Here’s a post I’ve been meaning to write for a while, but held off—it’s more fun writing about snow when it’s 80 out. Some of you may have heard about this. Last October, a storm officially called Lake Storm Aphid caused near-catastrophic tree damage throughout Western New York, leading to the removal of thousands of trees. The heavy, wet snow, though it disappeared in a couple days, hit the still-green canopy like tons of bricks, filling the roads, yards, and parks with broken branches. The necessity of many of the tree removals is still being hotly debated, notably in two excellent articles in our local alternative weekly, Artvoice: “Stumped” and “Timber”. It’s highly questionably whether the outside contractors who removed many trees had done proper evaluations. Certainly, none went by the allowable damage percentage recommended by the DEC, which is up to 75 percent. So now many residents are left with stumps in their easeways, sunny beds that had been shady, and missing privacy borders.

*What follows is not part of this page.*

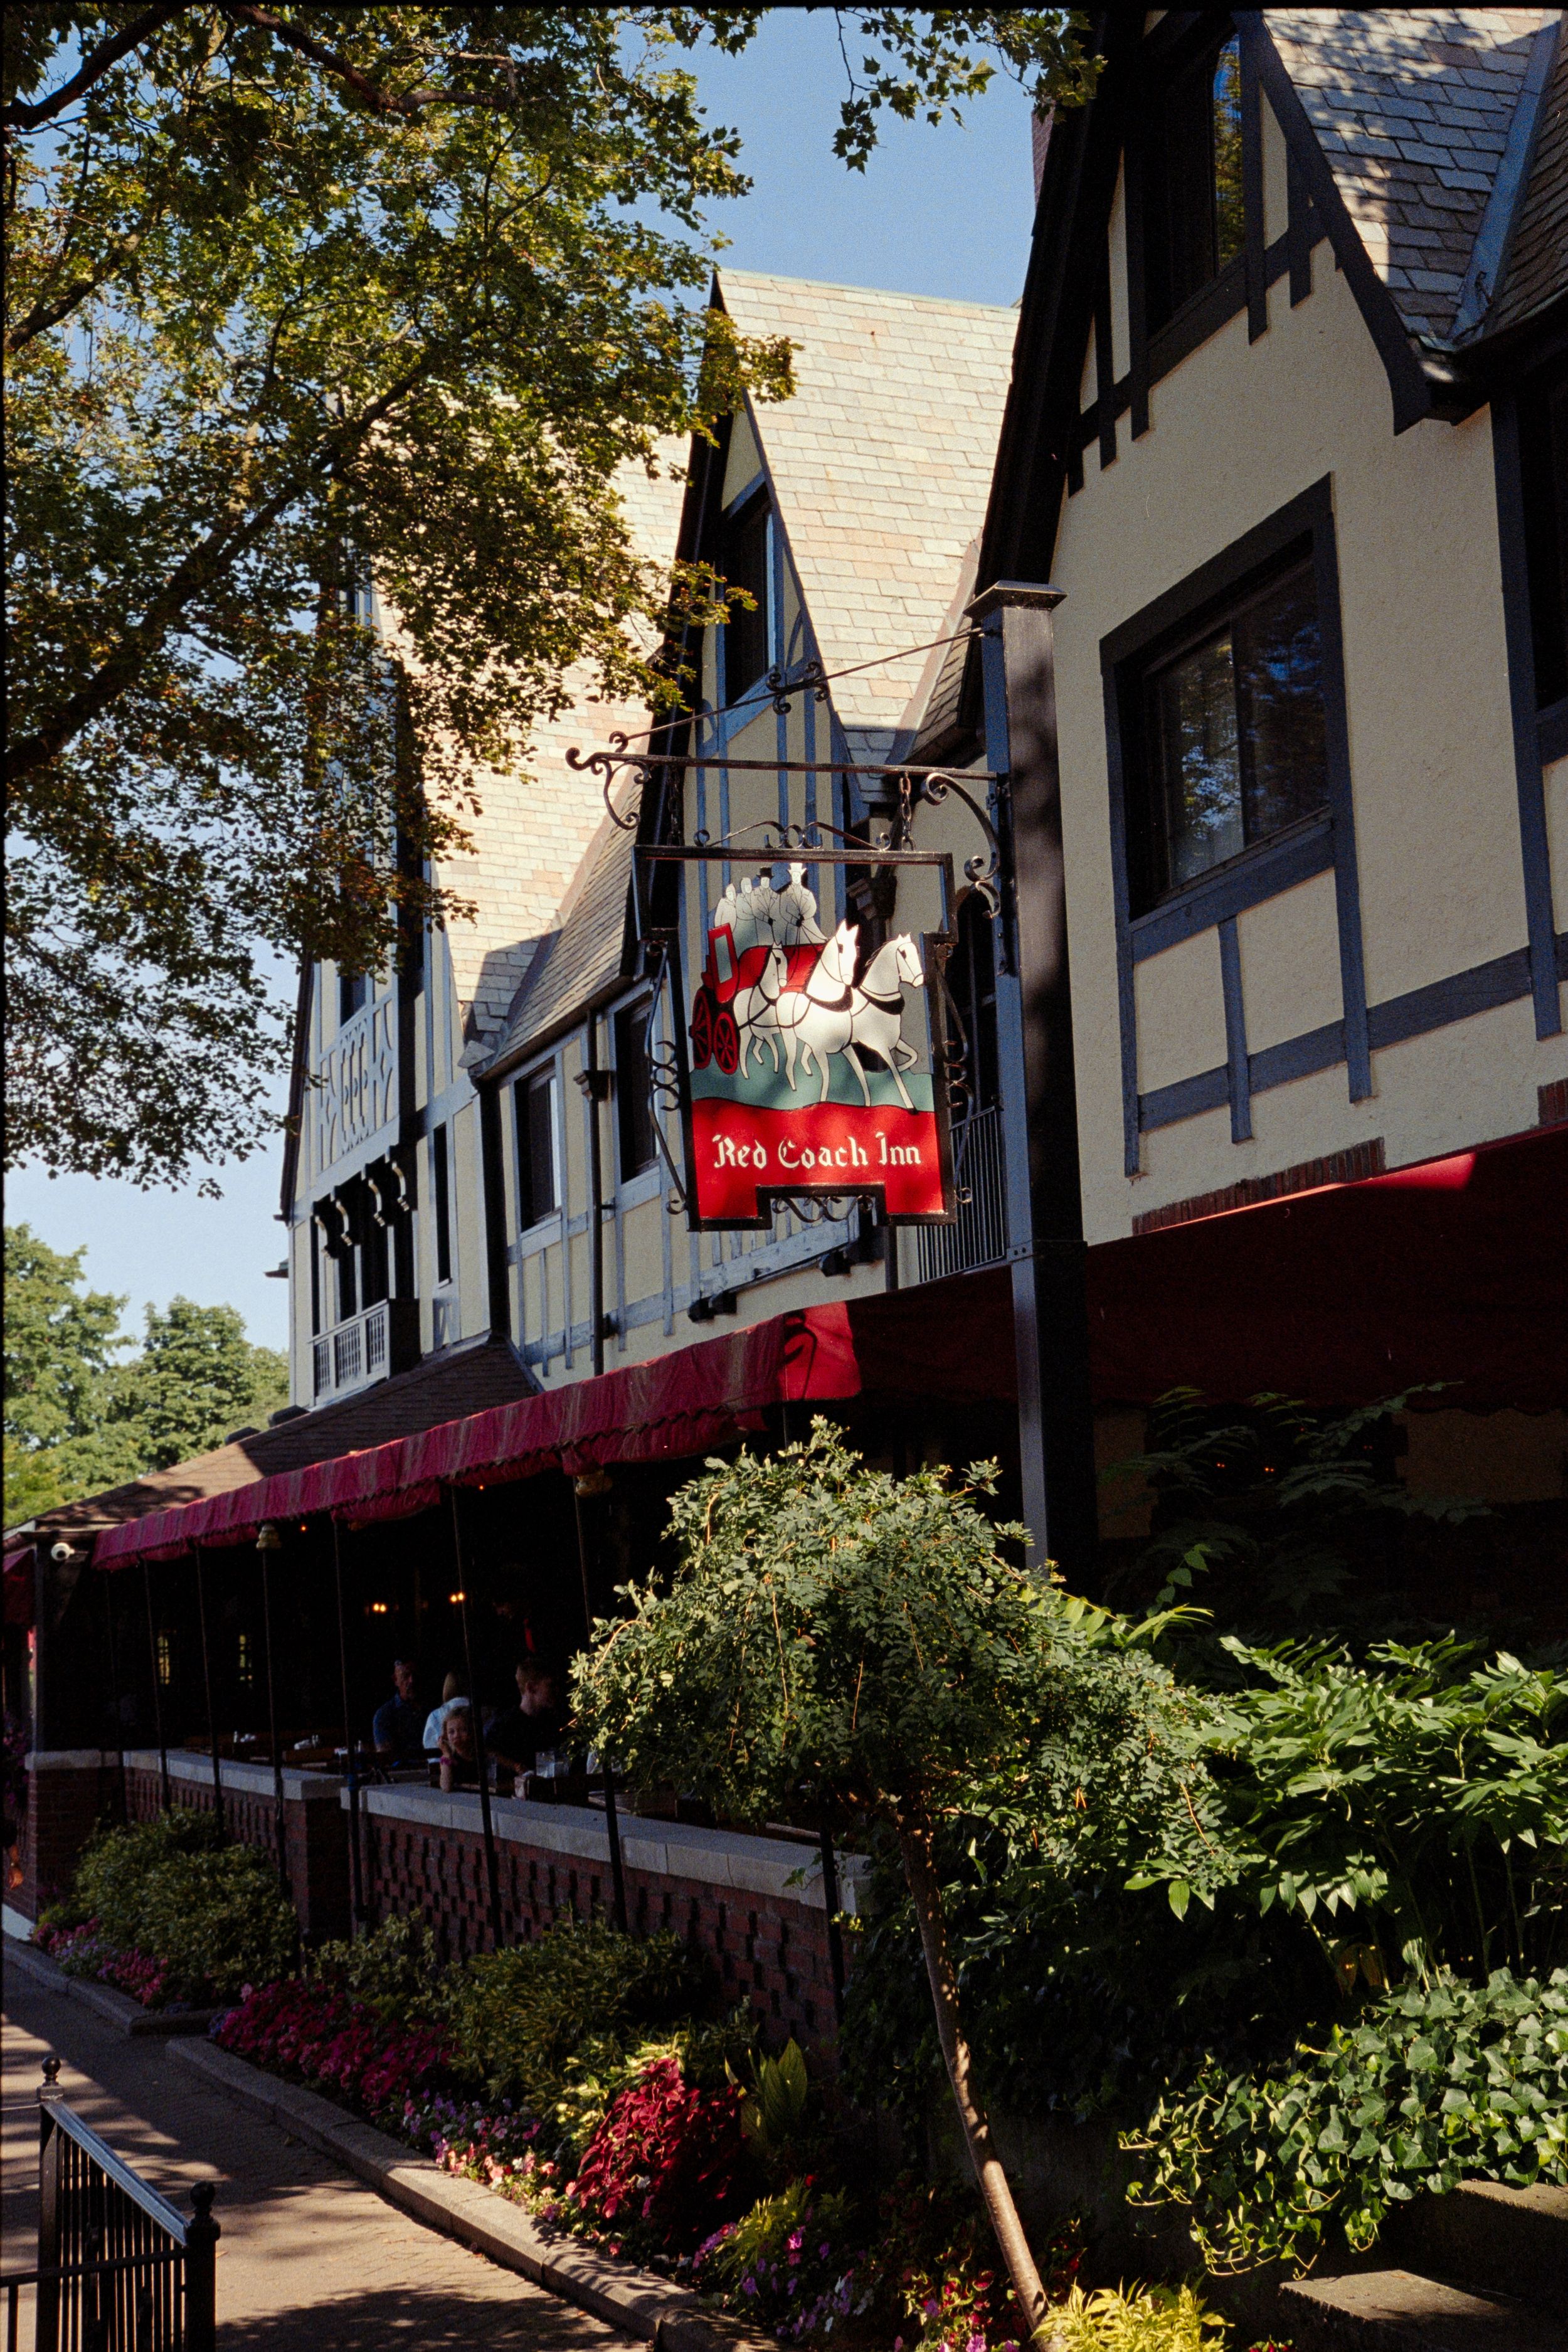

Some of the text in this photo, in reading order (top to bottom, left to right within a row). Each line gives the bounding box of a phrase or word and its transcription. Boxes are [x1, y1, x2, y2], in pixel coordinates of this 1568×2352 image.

[712, 1131, 922, 1169] Red Coach Inn

Worst of all, though FEMA provided plenty of money for tree removal, it did not include funds for stump removal. So I have one friend drilling a hole in her stump to use it as a planter until she can get rid of it. Another friend is spending a fortune on junipers to replace one large tree that had effectively blocked the view of her neighbor’s yard. Others are still fighting with the city and county to save the publicly owned trees outside their properties. The Olmsted Conservancy is now using all its fundraising clout to replace the many trees it lost in the six parks and several parkways Olmsted designed here. One attempt I can’t quite get on board with involves making sculptures of Buffalo historic figures from the bigger trunks. These are heavily shellacked and kind of dumb-looking, IMO, but if it works, then fine.
I have to guiltily admit that I regretted (just a bit) that the trees lining the street in front of my house escaped with little or no damage—I have 3 tightly-placed Norway maples, and they make gardening there a challenge. But all this has made everyone here more aware of the urban canopy then ever before. Many of the gardeners of Garden Walk have had to redo their yards as a result, and it’s led to a reconsideration of which trees are best to plant. American elms? Kouza dogwoods? Cherrys? Redbuds?
I have one old maple in back—a birdseye, I’ve been told—that I cherish and was most relieved that it survived. It defines the garden, or at least that part of it. Do trees define your garden? Have you lost a favorite tree? I know that nobody in WNY—gardener or not—will ever take trees for granted again.